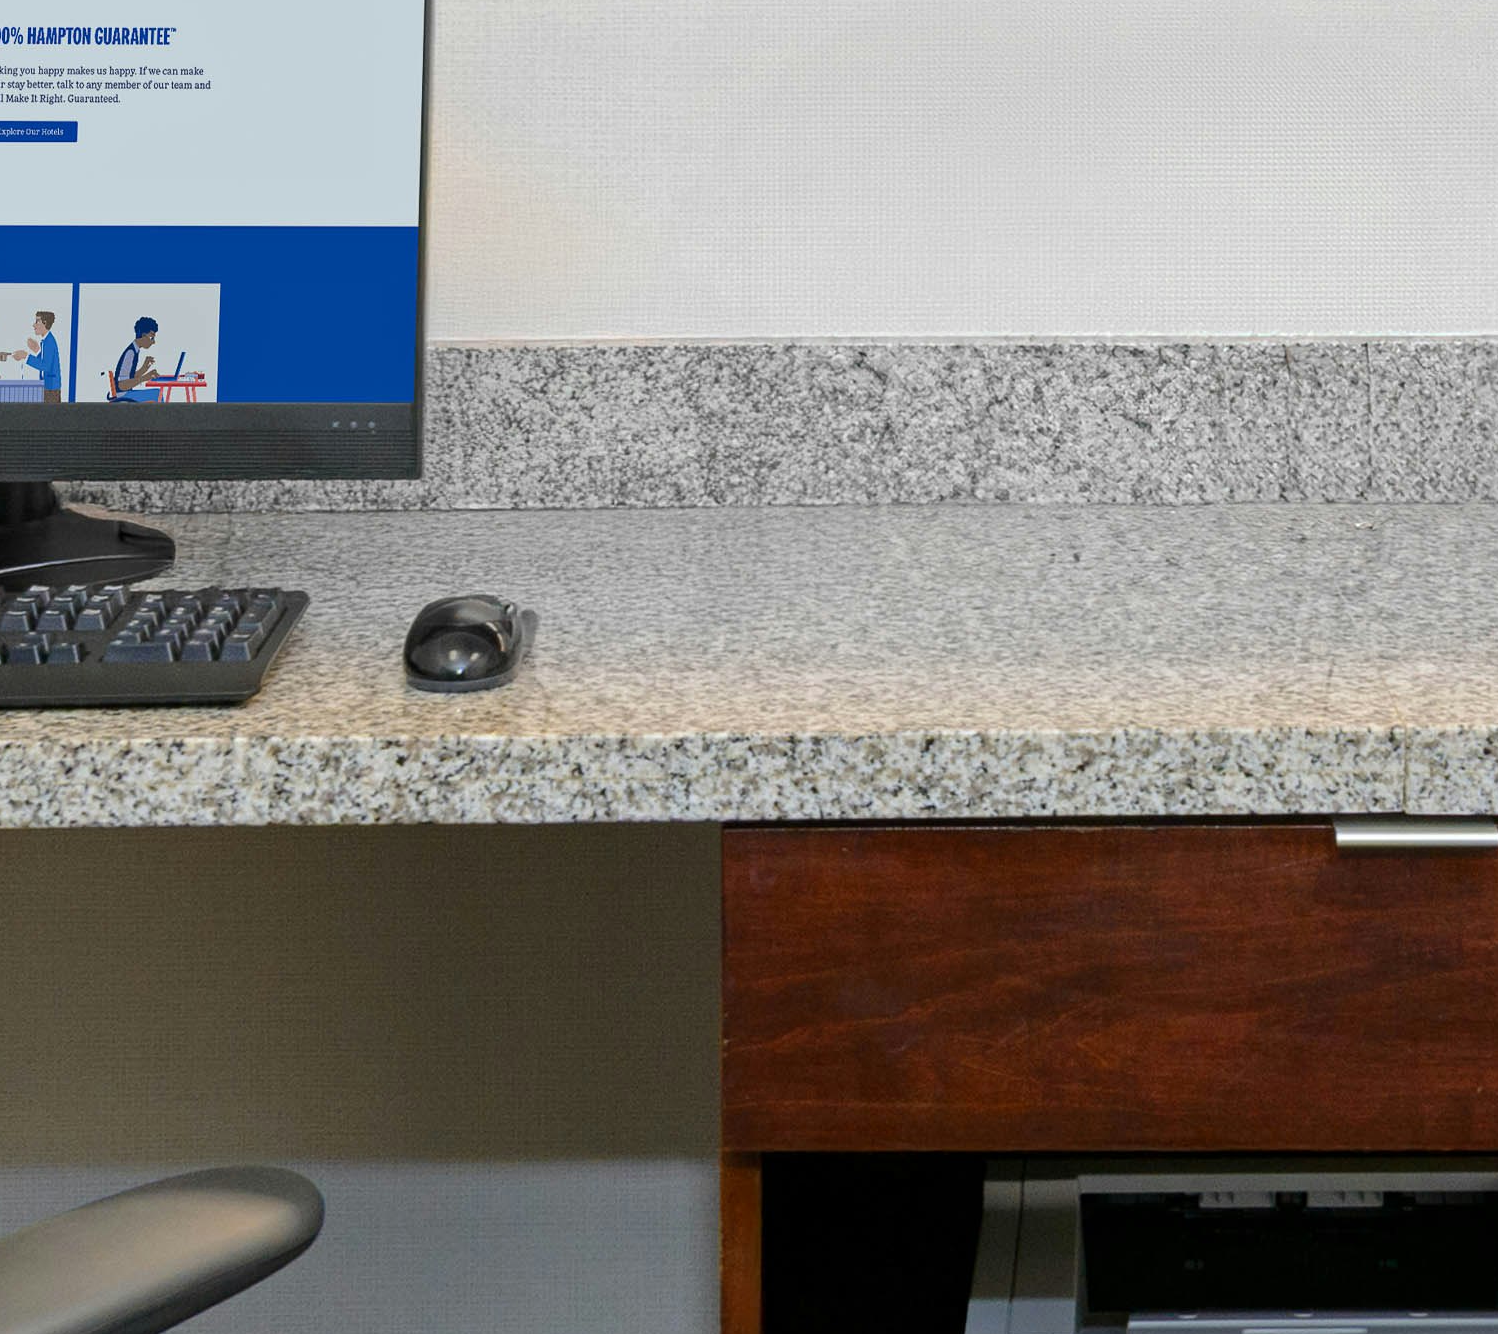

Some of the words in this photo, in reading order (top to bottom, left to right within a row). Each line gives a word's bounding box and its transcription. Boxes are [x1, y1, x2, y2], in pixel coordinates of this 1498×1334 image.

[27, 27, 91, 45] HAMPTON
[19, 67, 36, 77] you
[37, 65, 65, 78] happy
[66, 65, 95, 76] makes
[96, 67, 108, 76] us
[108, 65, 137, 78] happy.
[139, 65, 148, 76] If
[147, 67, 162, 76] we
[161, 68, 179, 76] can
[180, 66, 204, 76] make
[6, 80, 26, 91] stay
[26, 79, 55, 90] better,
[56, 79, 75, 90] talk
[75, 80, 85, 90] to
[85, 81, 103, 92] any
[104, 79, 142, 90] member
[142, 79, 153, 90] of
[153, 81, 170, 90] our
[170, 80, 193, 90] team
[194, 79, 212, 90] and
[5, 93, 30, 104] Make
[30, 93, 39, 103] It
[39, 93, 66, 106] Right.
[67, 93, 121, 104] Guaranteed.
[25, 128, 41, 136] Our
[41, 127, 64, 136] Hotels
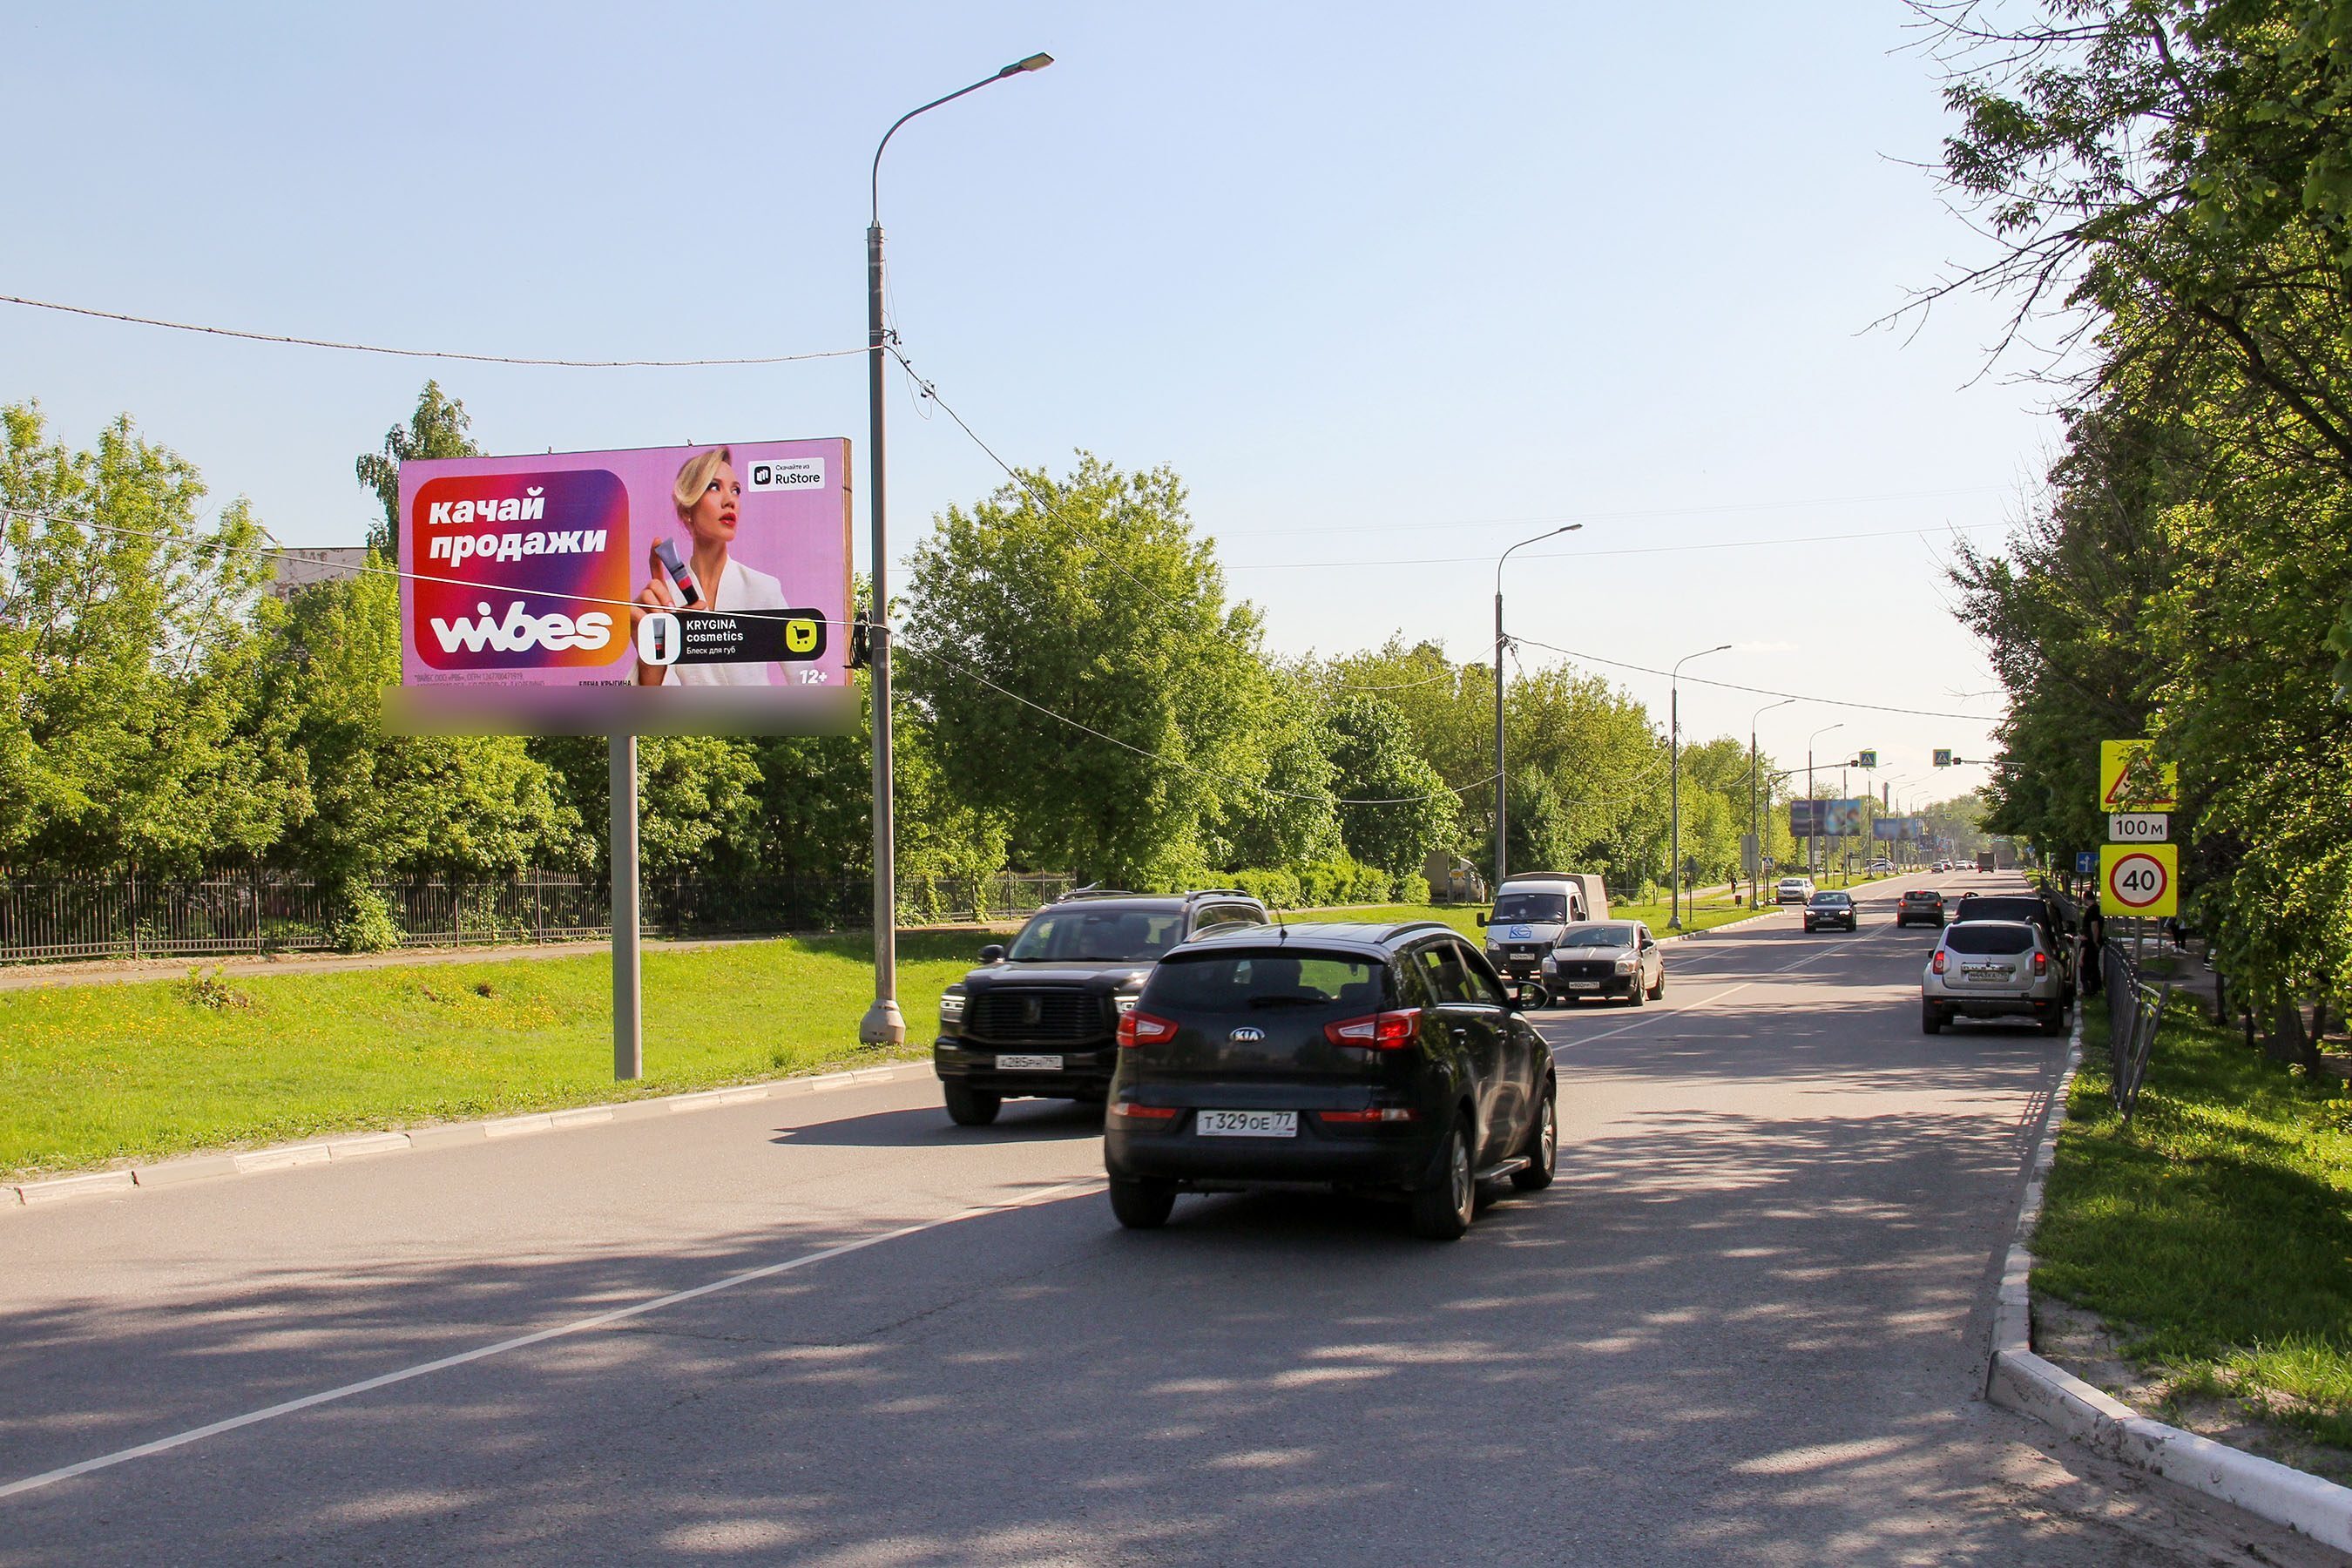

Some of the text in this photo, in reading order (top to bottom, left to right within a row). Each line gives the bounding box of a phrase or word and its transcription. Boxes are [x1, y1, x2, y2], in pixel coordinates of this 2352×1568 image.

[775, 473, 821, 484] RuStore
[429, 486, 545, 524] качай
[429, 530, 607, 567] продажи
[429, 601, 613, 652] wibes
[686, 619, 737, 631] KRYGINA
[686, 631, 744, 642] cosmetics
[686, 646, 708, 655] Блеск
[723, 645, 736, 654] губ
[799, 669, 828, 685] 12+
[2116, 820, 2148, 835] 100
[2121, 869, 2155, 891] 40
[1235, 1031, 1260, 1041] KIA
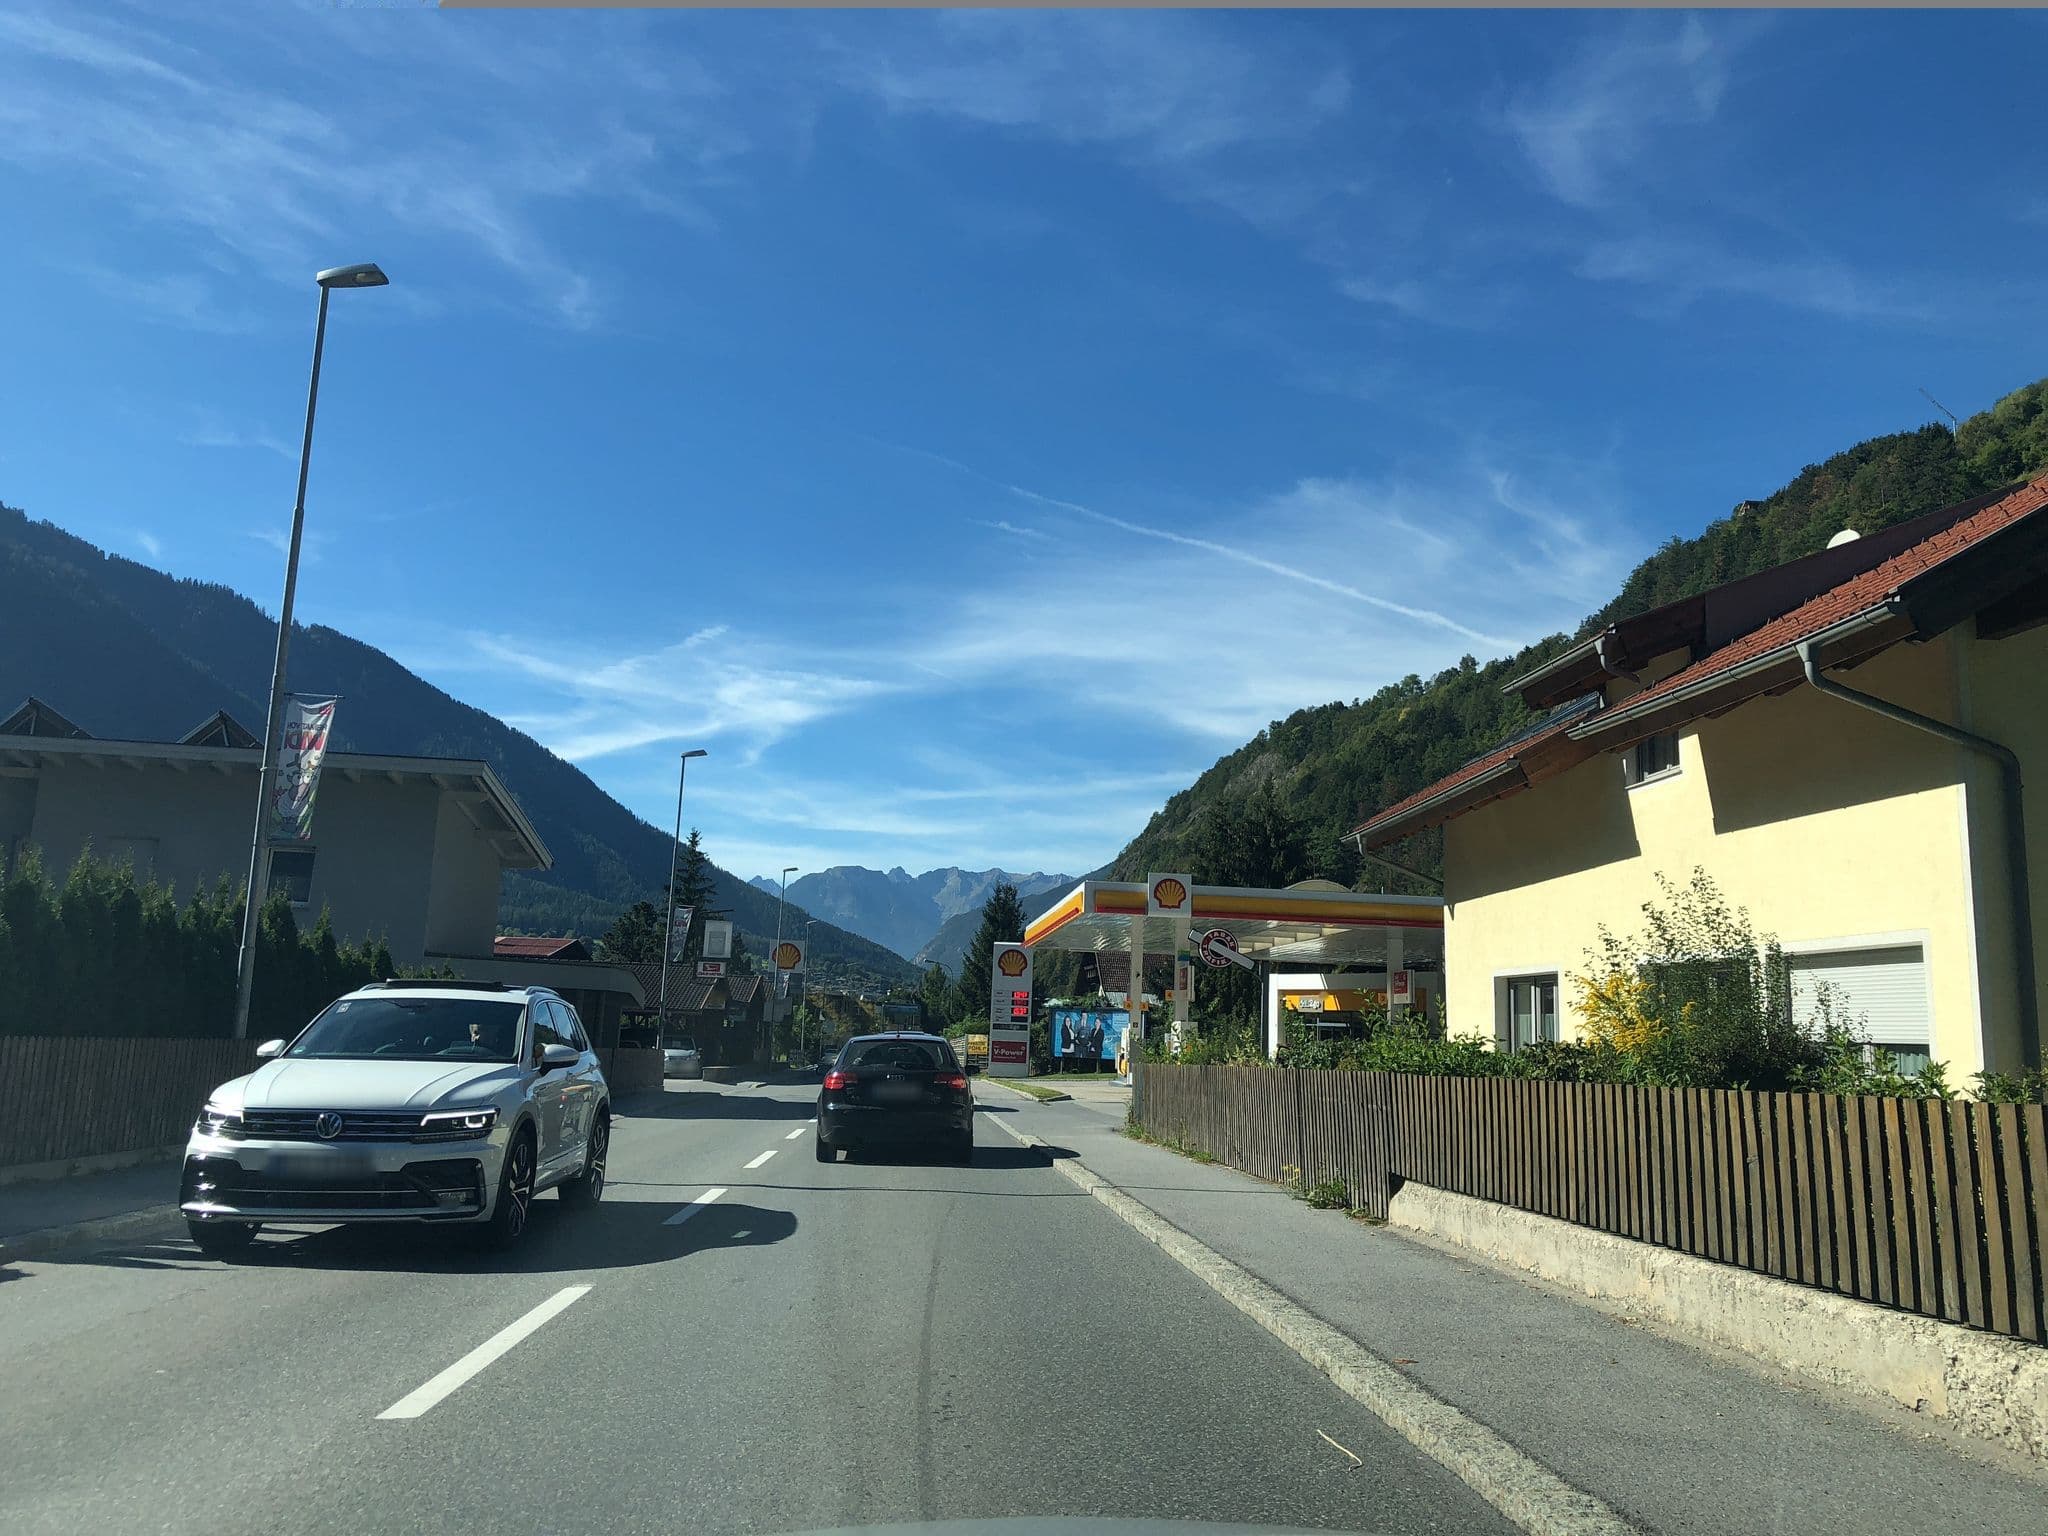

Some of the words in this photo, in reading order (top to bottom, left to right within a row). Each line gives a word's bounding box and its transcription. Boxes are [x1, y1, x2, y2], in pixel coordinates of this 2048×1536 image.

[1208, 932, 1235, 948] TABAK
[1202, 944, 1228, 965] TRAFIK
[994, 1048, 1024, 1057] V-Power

^^^^^^^^^^^^^^^^

## Exercise description
What is needed here is each line above set down word for word, minus the images.

## Output for this task
Some of the words in this photo, in reading order (top to bottom, left to right within a row). Each line gives a word's bounding box and its transcription. Boxes are [x1, y1, x2, y2], in pixel coordinates of this 1498×1334 image.

[27, 27, 91, 45] HAMPTON
[19, 67, 36, 77] you
[37, 65, 65, 78] happy
[66, 65, 95, 76] makes
[96, 67, 108, 76] us
[108, 65, 137, 78] happy.
[139, 65, 148, 76] If
[147, 67, 162, 76] we
[161, 68, 179, 76] can
[180, 66, 204, 76] make
[6, 80, 26, 91] stay
[26, 79, 55, 90] better,
[56, 79, 75, 90] talk
[75, 80, 85, 90] to
[85, 81, 103, 92] any
[104, 79, 142, 90] member
[142, 79, 153, 90] of
[153, 81, 170, 90] our
[170, 80, 193, 90] team
[194, 79, 212, 90] and
[5, 93, 30, 104] Make
[30, 93, 39, 103] It
[39, 93, 66, 106] Right.
[67, 93, 121, 104] Guaranteed.
[25, 128, 41, 136] Our
[41, 127, 64, 136] Hotels

Some of the text in this photo, in reading order (top to bottom, left to right within a row). Each line gives the bounding box of a phrase or word and its transcription. Boxes are [x1, y1, x2, y2], in pixel coordinates of this 2352×1568 image.

[775, 473, 821, 484] RuStore
[429, 486, 545, 524] качай
[429, 530, 607, 567] продажи
[429, 601, 613, 652] wibes
[686, 619, 737, 631] KRYGINA
[686, 631, 744, 642] cosmetics
[686, 646, 708, 655] Блеск
[723, 645, 736, 654] губ
[799, 669, 828, 685] 12+
[2116, 820, 2148, 835] 100
[2121, 869, 2155, 891] 40
[1235, 1031, 1260, 1041] KIA

Some of the words in this photo, in reading order (top to bottom, left to right within a row). Each line gives a word's bounding box and its transcription. Boxes are [x1, y1, x2, y2], in pixel coordinates of this 2048×1536 image.

[1208, 932, 1235, 948] TABAK
[1202, 944, 1228, 965] TRAFIK
[994, 1048, 1024, 1057] V-Power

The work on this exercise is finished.